The data
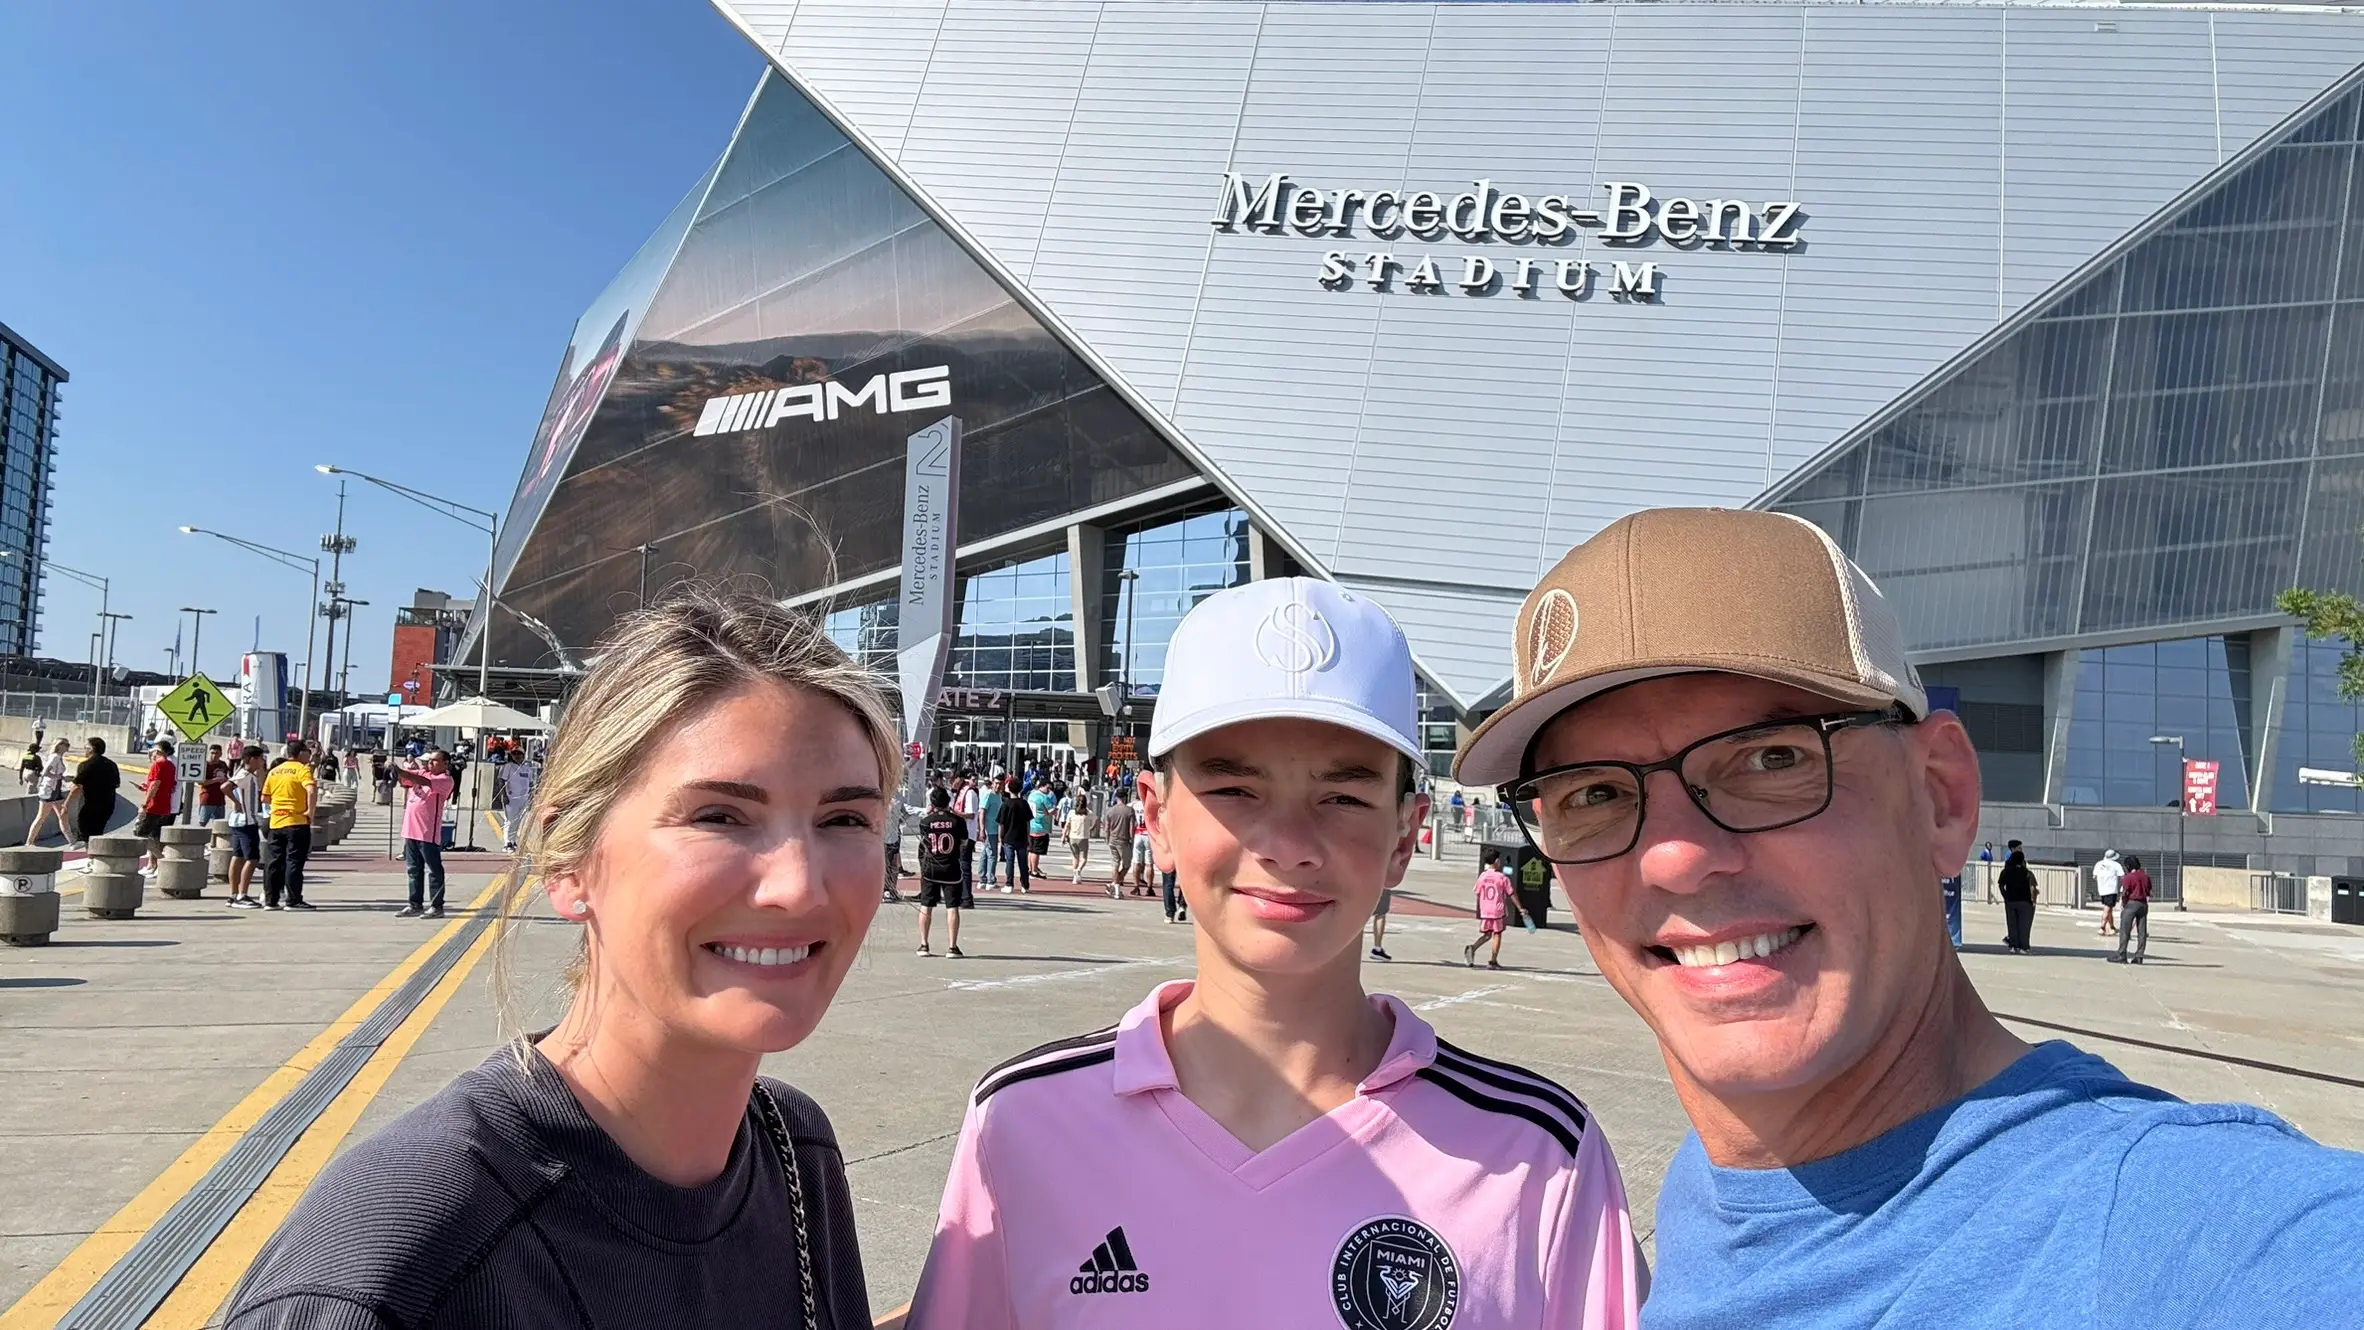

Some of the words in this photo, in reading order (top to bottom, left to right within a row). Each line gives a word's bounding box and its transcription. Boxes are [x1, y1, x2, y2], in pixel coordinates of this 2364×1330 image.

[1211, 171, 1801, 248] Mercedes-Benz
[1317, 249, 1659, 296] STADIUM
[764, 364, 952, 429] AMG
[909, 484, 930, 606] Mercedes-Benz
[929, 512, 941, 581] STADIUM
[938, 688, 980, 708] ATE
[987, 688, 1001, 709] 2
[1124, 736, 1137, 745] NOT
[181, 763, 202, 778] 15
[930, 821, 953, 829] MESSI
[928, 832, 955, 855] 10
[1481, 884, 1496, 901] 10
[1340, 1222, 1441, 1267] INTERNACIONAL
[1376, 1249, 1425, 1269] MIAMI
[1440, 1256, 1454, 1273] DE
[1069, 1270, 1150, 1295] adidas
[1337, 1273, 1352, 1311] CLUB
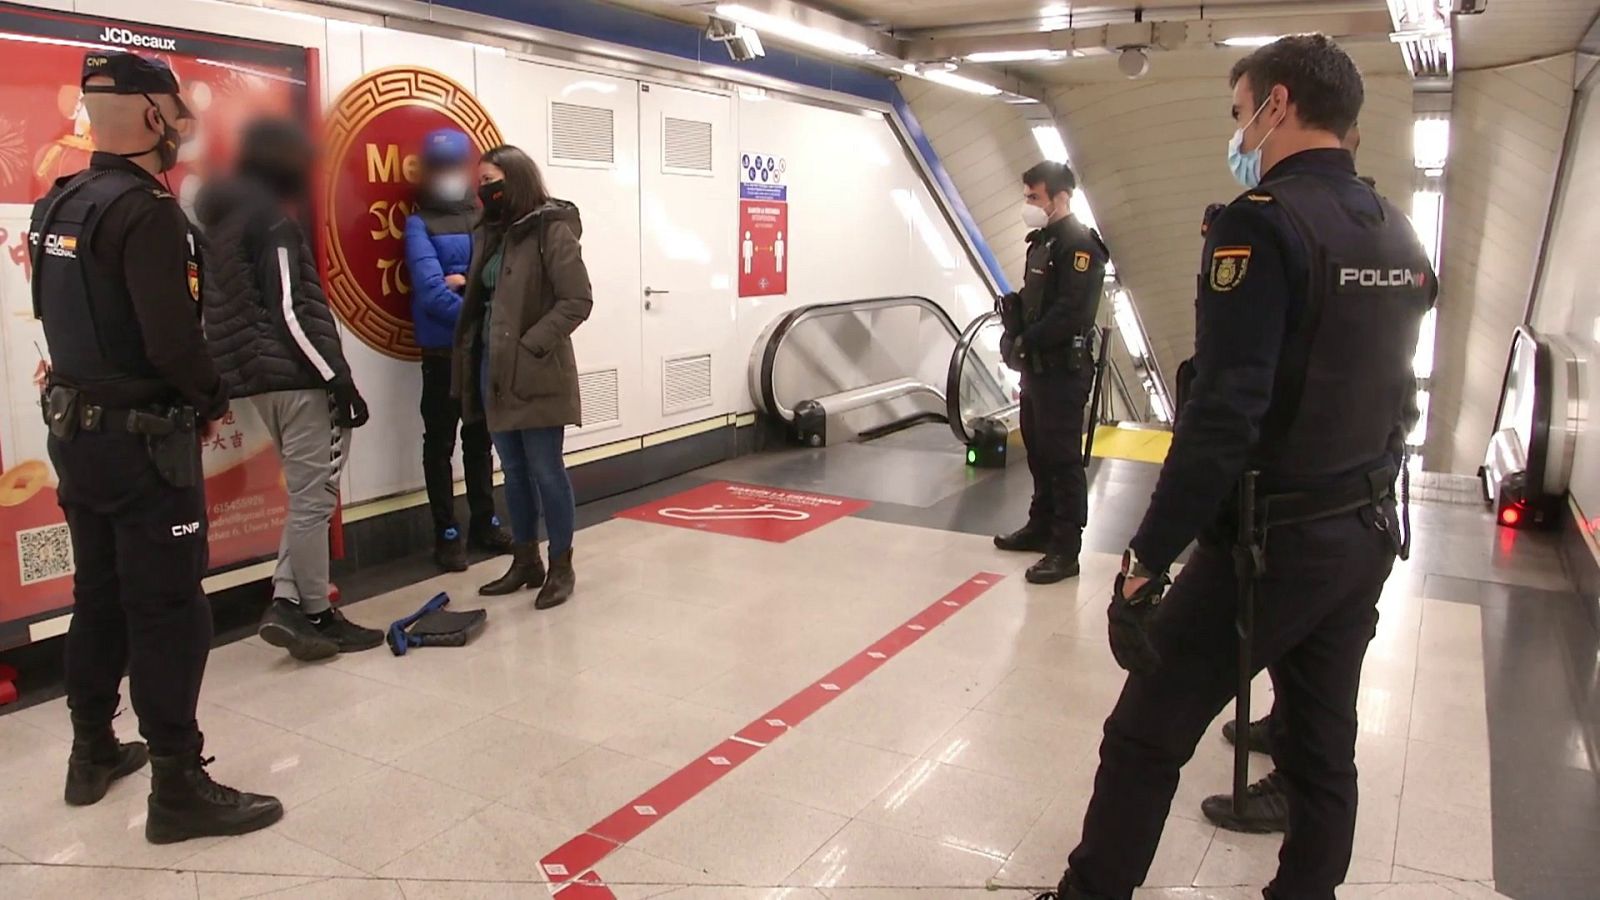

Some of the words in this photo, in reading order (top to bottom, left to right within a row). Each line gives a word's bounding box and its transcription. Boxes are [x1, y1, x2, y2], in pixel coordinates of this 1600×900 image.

Instructions to follow
Could you retype all the entries exactly, skipping the pictures?

Result
Some of the words in this photo, in reading order (top to bottom, left to right within a row). Each line gives a word's bounding box and its transcription. Boxes are [x1, y1, x2, y2], in pixel coordinates of this 2364×1330 image.

[1211, 171, 1801, 248] Mercedes-Benz
[1317, 249, 1659, 296] STADIUM
[764, 364, 952, 429] AMG
[909, 484, 930, 606] Mercedes-Benz
[929, 512, 941, 581] STADIUM
[938, 688, 980, 708] ATE
[987, 688, 1001, 709] 2
[1124, 736, 1137, 745] NOT
[181, 763, 202, 778] 15
[930, 821, 953, 829] MESSI
[928, 832, 955, 855] 10
[1481, 884, 1496, 901] 10
[1340, 1222, 1441, 1267] INTERNACIONAL
[1376, 1249, 1425, 1269] MIAMI
[1440, 1256, 1454, 1273] DE
[1069, 1270, 1150, 1295] adidas
[1337, 1273, 1352, 1311] CLUB

Some of the words in this photo, in reading order (top to bottom, left to right within a row). Each line gives a word's bounding box and its transcription. Boxes are [x1, y1, x2, y2], in pixel coordinates of this 1600×900 image.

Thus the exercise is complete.